▶ [The problem]: Within the records below, find the line with "this 1200×982 image." and the line with "this 1344×1512 image.", then reproduce exactly those two lines and all lines between them, without any picture.

▶ [Excerpted records]:
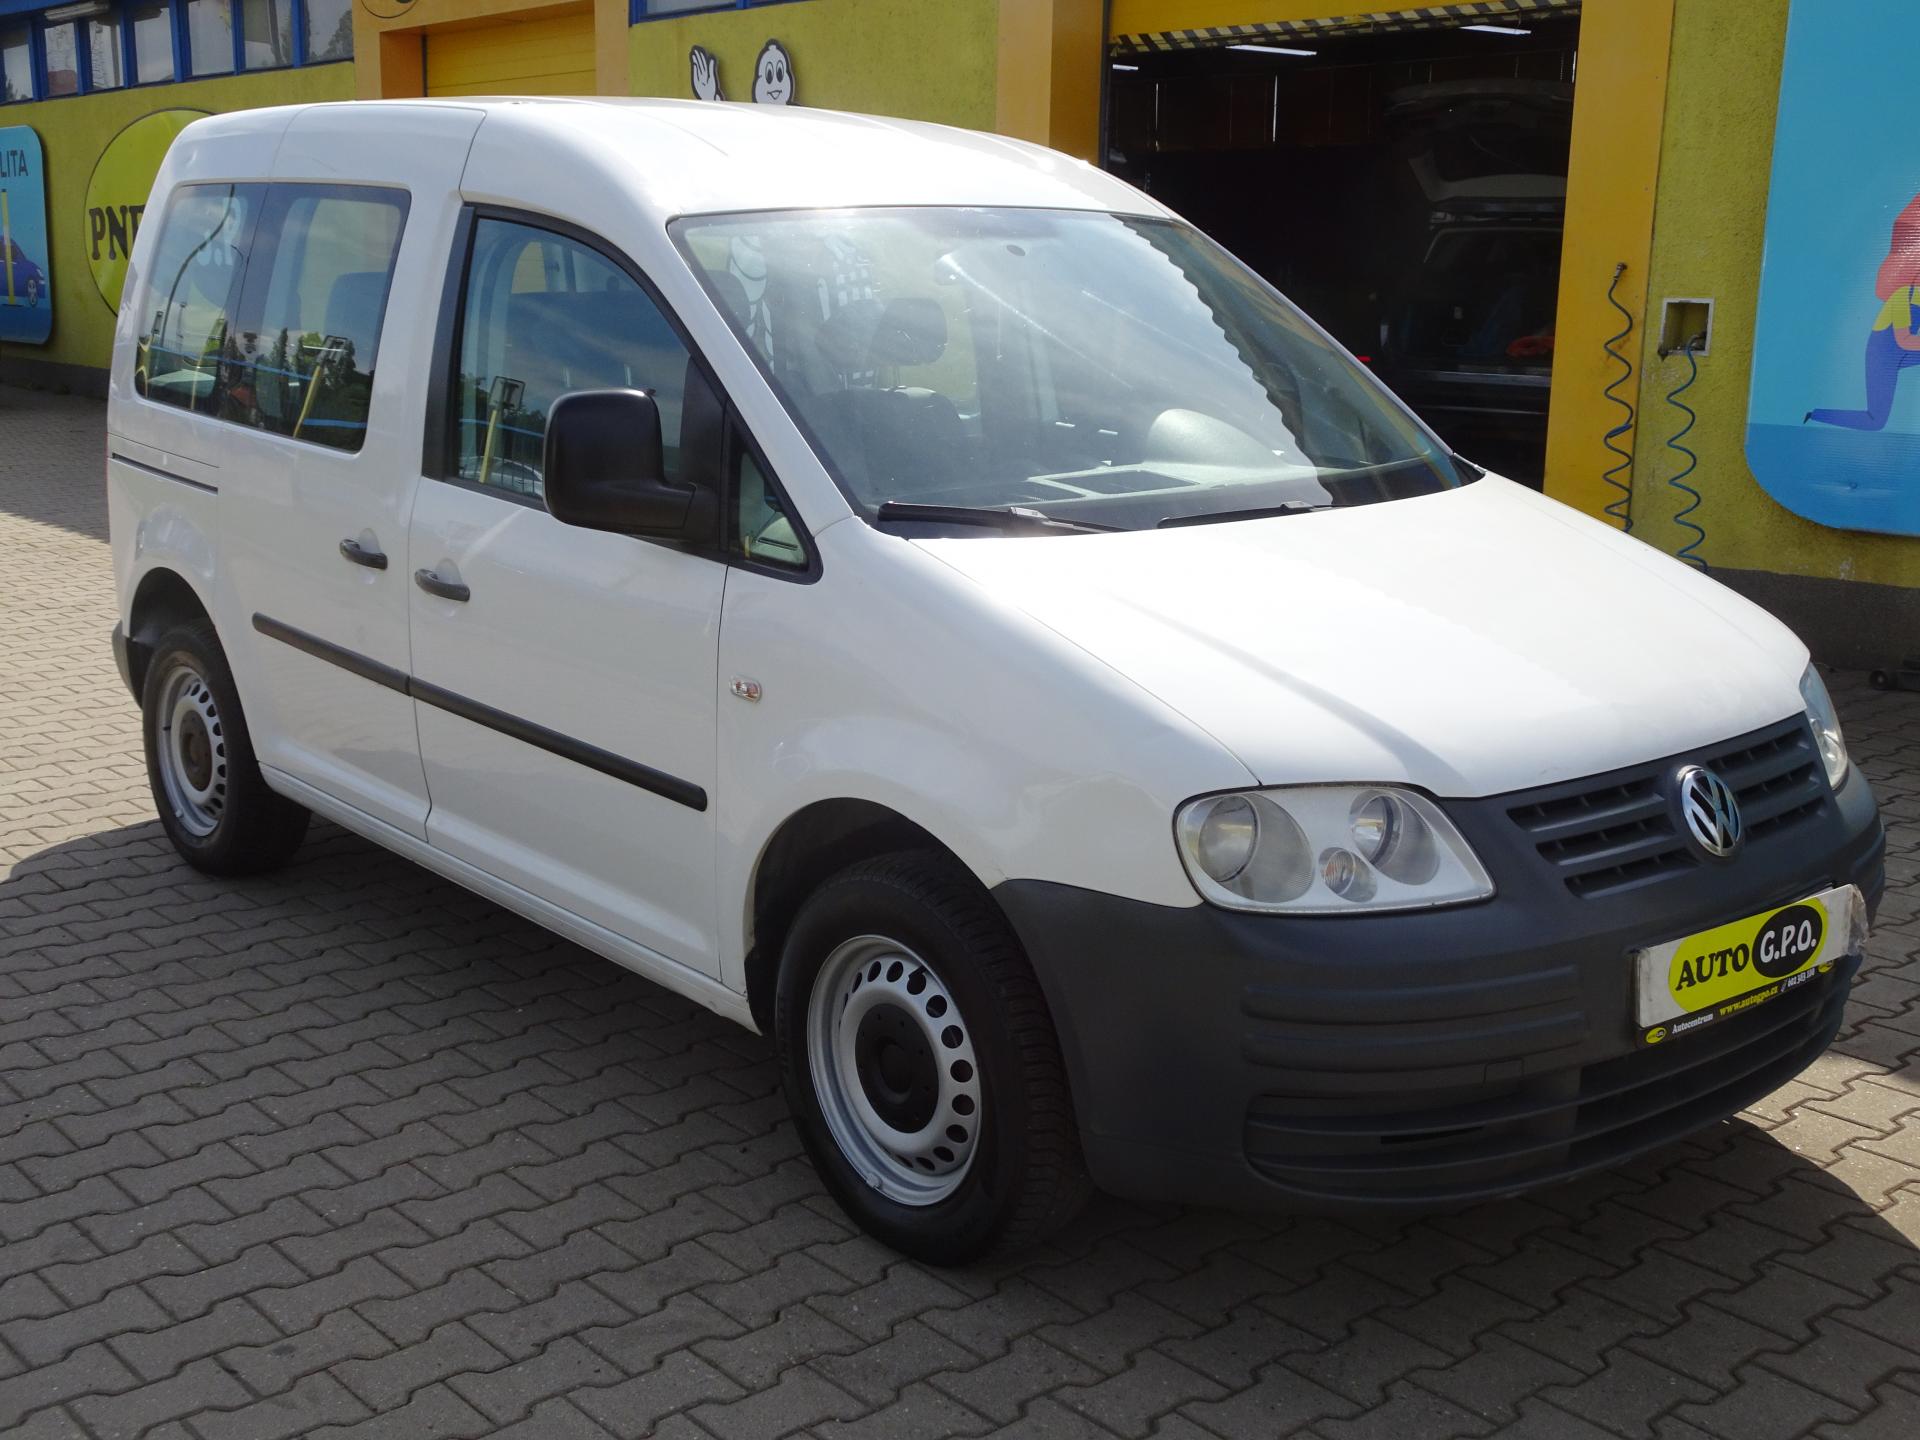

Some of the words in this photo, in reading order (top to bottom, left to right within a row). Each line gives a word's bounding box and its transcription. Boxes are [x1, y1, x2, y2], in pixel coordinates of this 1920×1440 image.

...

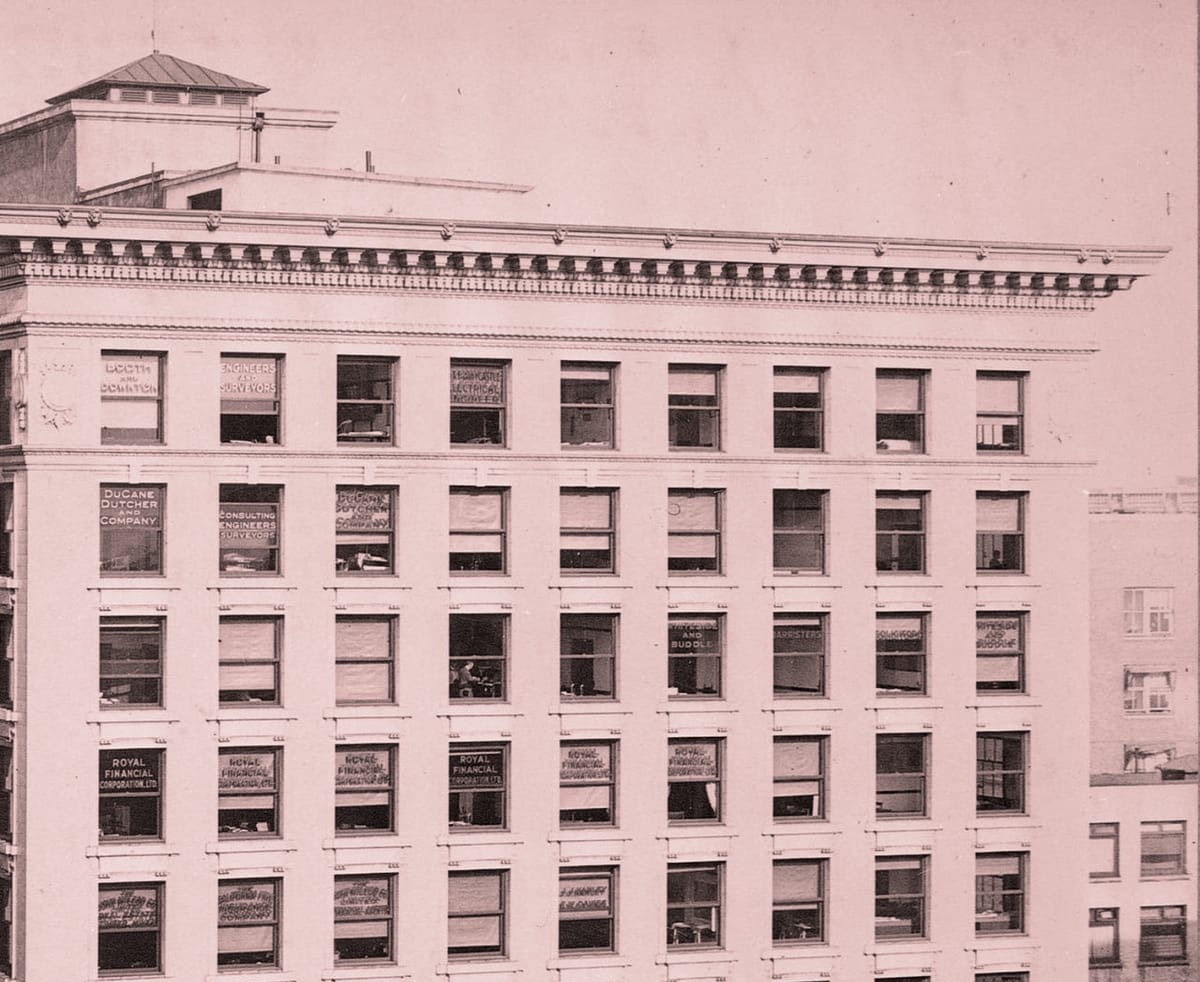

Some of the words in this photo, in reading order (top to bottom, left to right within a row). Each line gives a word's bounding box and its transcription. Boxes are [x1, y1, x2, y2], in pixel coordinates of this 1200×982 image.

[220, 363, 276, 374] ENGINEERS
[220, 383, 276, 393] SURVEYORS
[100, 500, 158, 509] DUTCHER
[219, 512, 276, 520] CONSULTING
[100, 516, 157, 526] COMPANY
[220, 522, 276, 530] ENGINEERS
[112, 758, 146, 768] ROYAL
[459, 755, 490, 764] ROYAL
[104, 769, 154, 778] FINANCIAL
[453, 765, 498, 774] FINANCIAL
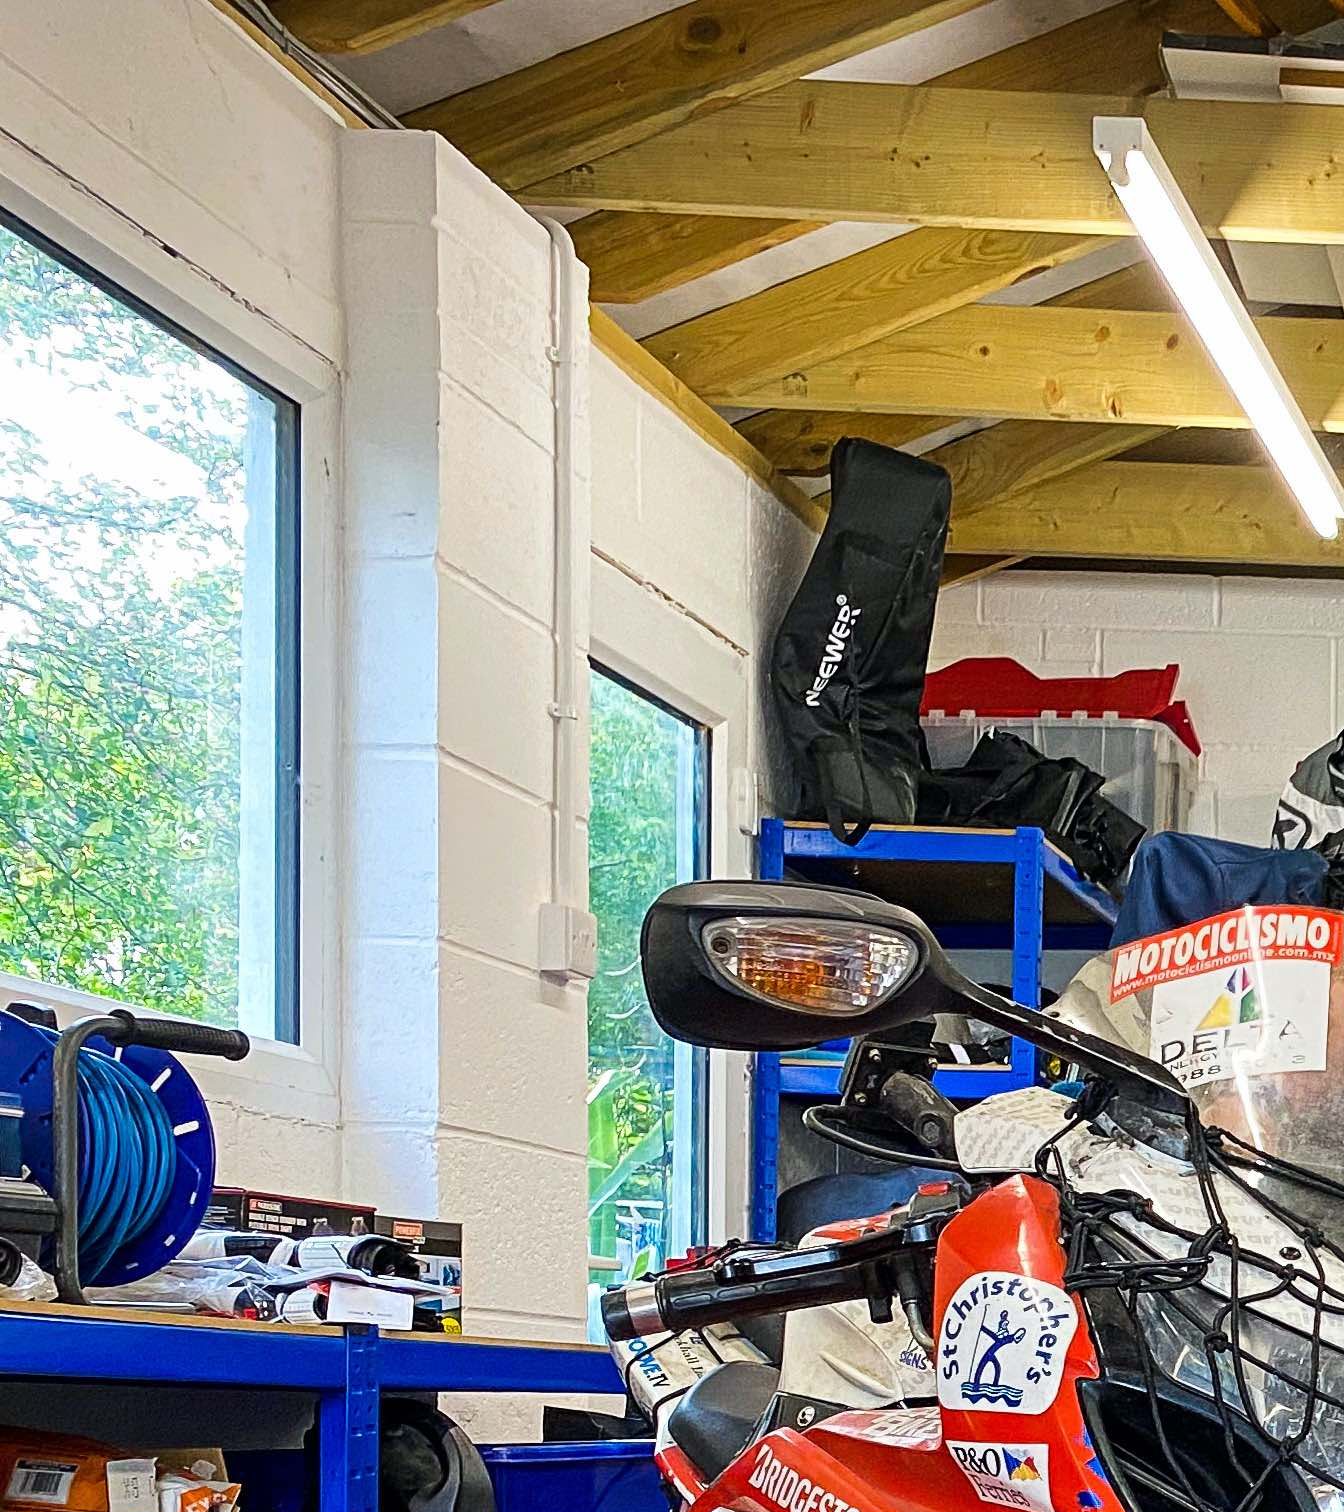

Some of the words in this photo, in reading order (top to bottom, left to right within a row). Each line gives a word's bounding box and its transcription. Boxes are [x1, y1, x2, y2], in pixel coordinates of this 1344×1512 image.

▶ [Task response]:
Some of the words in this photo, in reading order (top to bottom, left to right within a row). Each line gives a word's bounding box and its transcription. Boxes are [x1, y1, x2, y2], in pixel coordinates of this 1200×982 image.

[220, 363, 276, 374] ENGINEERS
[220, 383, 276, 393] SURVEYORS
[100, 500, 158, 509] DUTCHER
[219, 512, 276, 520] CONSULTING
[100, 516, 157, 526] COMPANY
[220, 522, 276, 530] ENGINEERS
[112, 758, 146, 768] ROYAL
[459, 755, 490, 764] ROYAL
[104, 769, 154, 778] FINANCIAL
[453, 765, 498, 774] FINANCIAL

Some of the words in this photo, in reading order (top to bottom, left to right within a row). Each line gives a word's bounding box and its transcription. Boxes are [x1, y1, x2, y2], in pixel coordinates of this 1344×1512 image.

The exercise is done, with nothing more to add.